I would love to have you all shower Carrie with get well cards for her when she wakes up. If you can, please send her a card of your love, support, and prayers for her. If you don’t have our mailing address, send me a private message and I will give it to you.

Today what’s on my heart is looking to the future, for Carrie and Jeremiah. Once they come home, Carrie will need months of rehabilitation before she can function normally again. I’d guess that by the time she’s really up and on her feet again, it’ll be about the time that Jeremiah is born, if not longer. And of course, I will be her primary caregiver. Please pray for God’s provision for our family as I will have to cut back my work schedule, and we will have extensive medical bills and expenses as we all get this resolved, and Carrie and Mom healed.

I am considering setting up a GoFundMe account for Carrie, and I wanted to put it out there for consideration. On one hand, I have never had to ask for financial help like that before. On the other hand, any help we received would reduce the stress of paying bills and free me up to better attend to Carrie and Jeremiah. I certainly don’t want to offend anyone, so I’m prayerfully asking for your wisdom and guidance on what to do.

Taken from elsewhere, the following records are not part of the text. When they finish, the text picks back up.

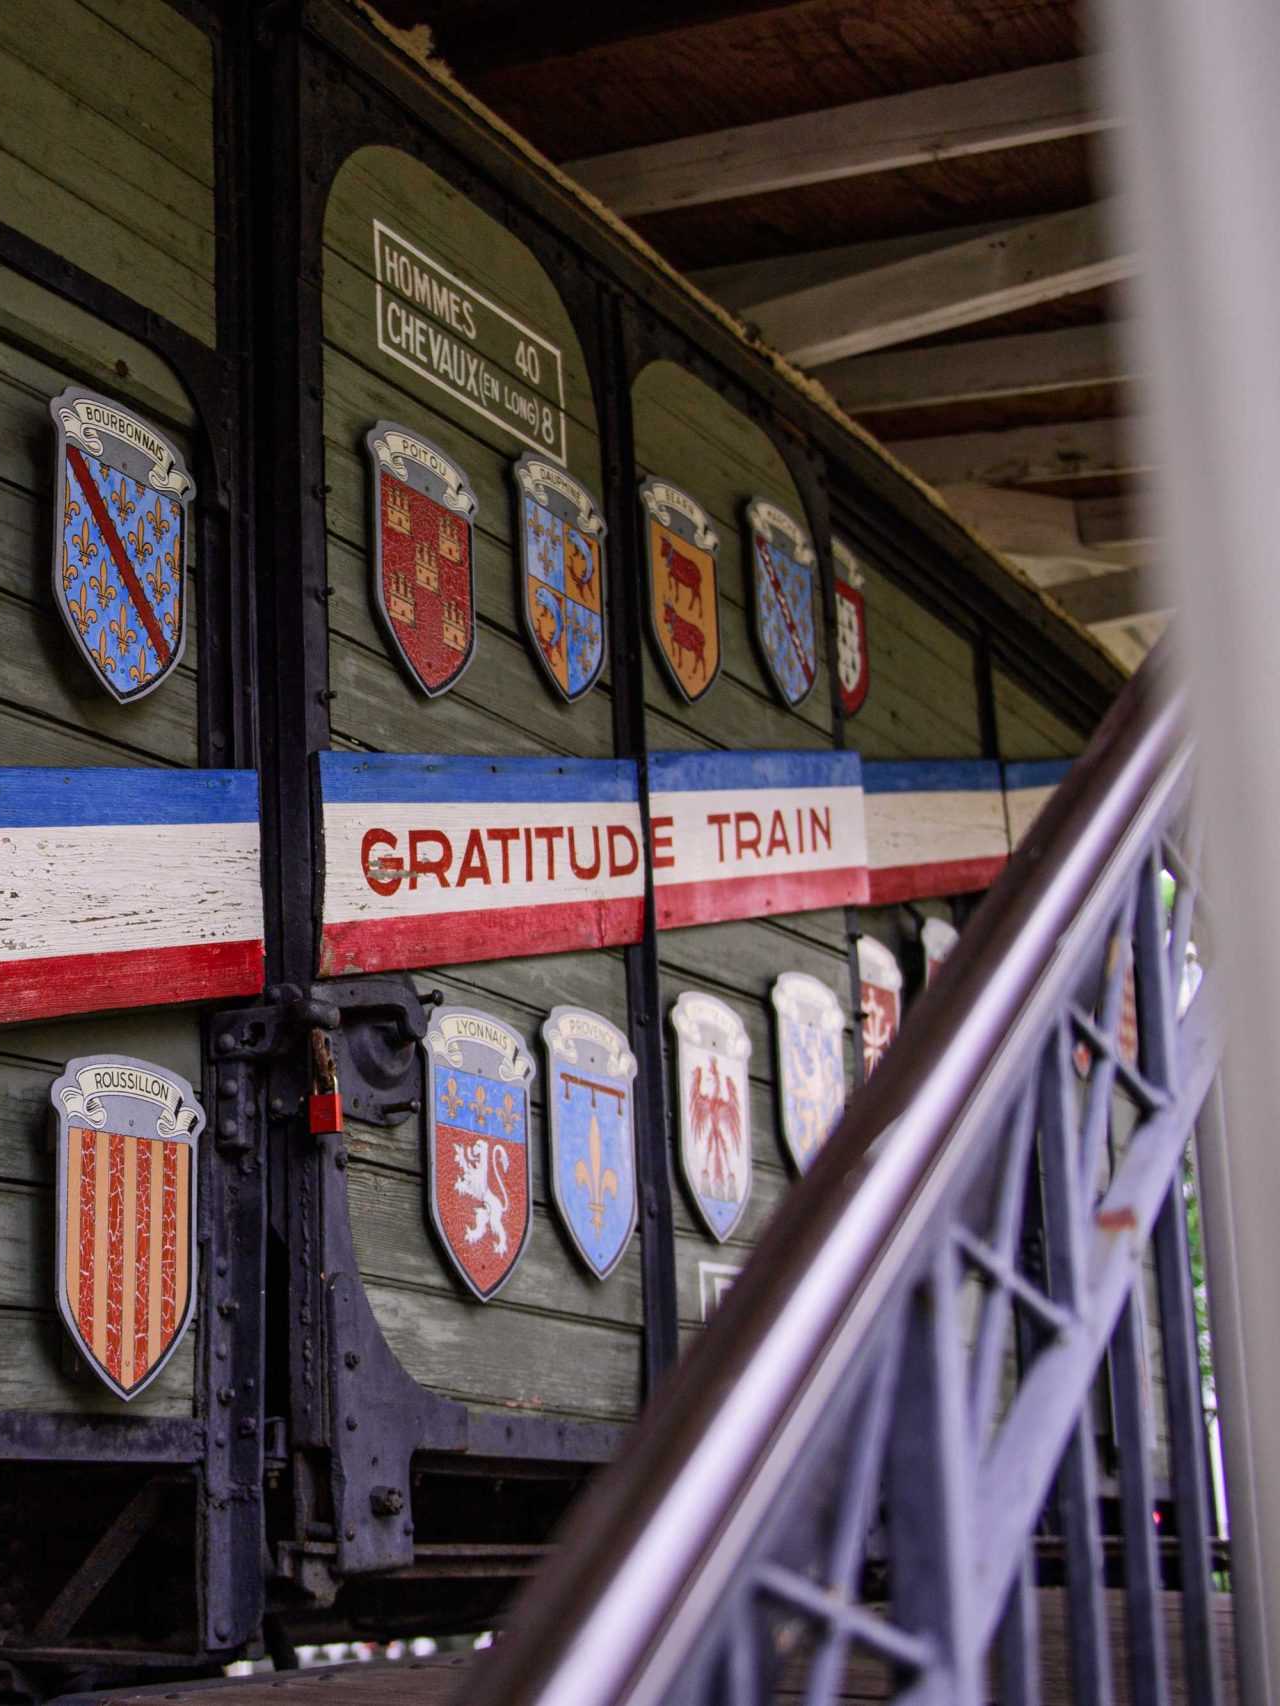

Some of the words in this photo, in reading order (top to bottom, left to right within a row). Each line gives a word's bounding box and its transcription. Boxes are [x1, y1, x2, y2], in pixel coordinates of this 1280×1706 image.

[384, 246, 477, 340] HOMMES
[515, 340, 540, 385] 40
[85, 406, 166, 461] BOURBONNAIS
[504, 385, 539, 436] LONG)
[541, 406, 555, 445] 8
[402, 439, 447, 476] POITOU
[360, 814, 674, 897] GRATITUDE
[707, 806, 833, 863] TRAIN
[455, 1019, 508, 1050] LYONNAIS
[94, 1071, 169, 1101] ROUSSILLON

I am continually so amazed at the prayers and support we’ve received from all of you. My heart hurts for Carrie, but you all have shown amazing comfort and support through your prayers and encouraging words. Carrie has a huge, massive, incredible number of people praying for her. Many churches are praying. People on all ends of this country are praying. Complete strangers are praying. People in other countries are praying. And I am so very grateful for each and every one of you who are, whether I know you or not. Here in Texas we say, y’all done showed up in a huge way. Thank you all so very much for your continued prayers and support.